On June 3, 2015, in keeping with a long tradition, I visited my home club in the Pepper Pike suburb of Cleveland, known simply as The Country Club. It's an old William Flynn design and perhaps the most underrated course in America. It's elegant, challenging and filled with old-world charm. One of its early members was Coburn Haskell, who invented the first rubber-core wound ball. It's the kind of club that reeks history and somehow beckons to you. I never fail to play there early in the week of the Memorial Tournament, played down the road outside Columbus.

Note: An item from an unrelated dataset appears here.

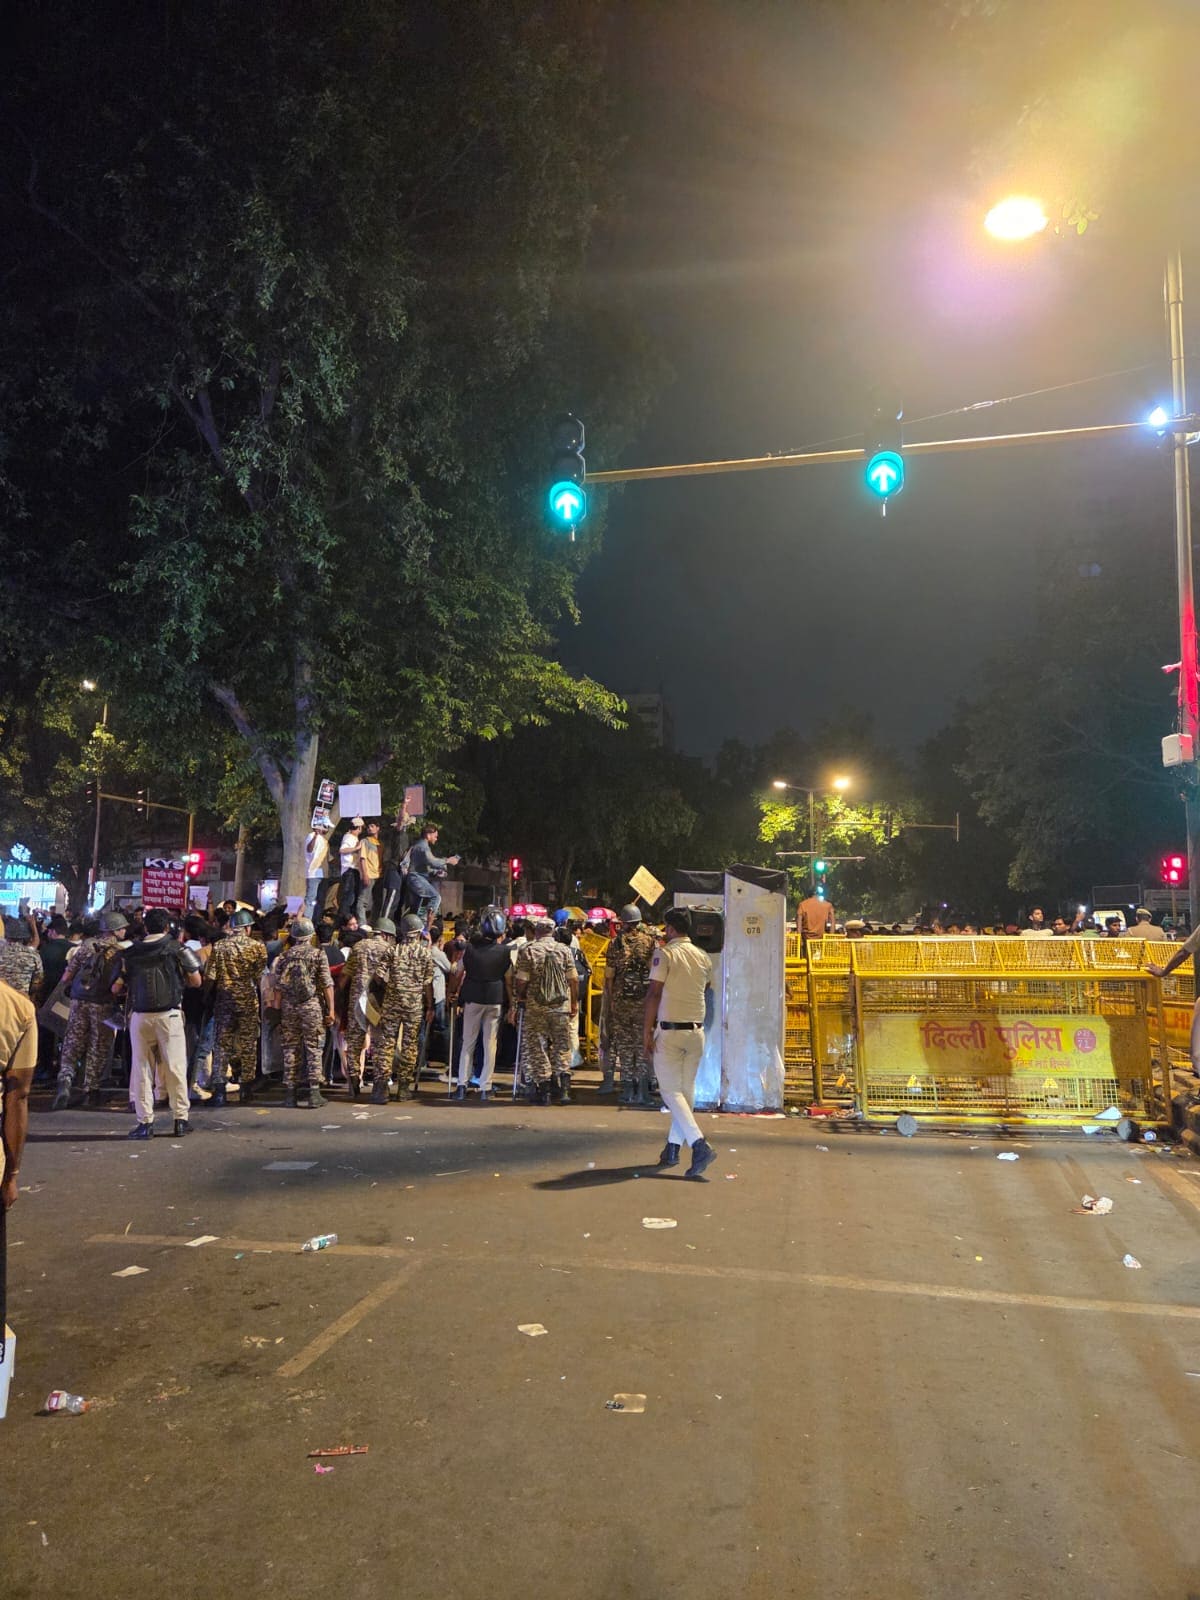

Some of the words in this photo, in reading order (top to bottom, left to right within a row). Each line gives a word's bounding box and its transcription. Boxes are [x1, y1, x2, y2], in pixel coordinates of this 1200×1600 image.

[145, 857, 185, 870] KYS
[920, 1020, 986, 1050] दिल्ली
[994, 1020, 1063, 1060] पुलिस

On this day, playing with my friends Hughes Norton and the head pro, Jack McKelvey, I followed a personal ritual at the par-5 16th hole. Mounted on a large rock there is a plaque noting the spot where Lawson Little Jr. closed out Walter Emery, 4 and 2, to win the 1935 U.S. Amateur. I always pause at the plaque for a few moments and give it a little pat, because Lawson Little is special to me. Although I never knew him—he passed away from a heart attack in 1968 at age 57—I've always felt connected to him. Just as many golfers feel a kinship with Ben Hogan or Bobby Jones after studying their lives, such is the closeness I feel with Lawson Little Jr.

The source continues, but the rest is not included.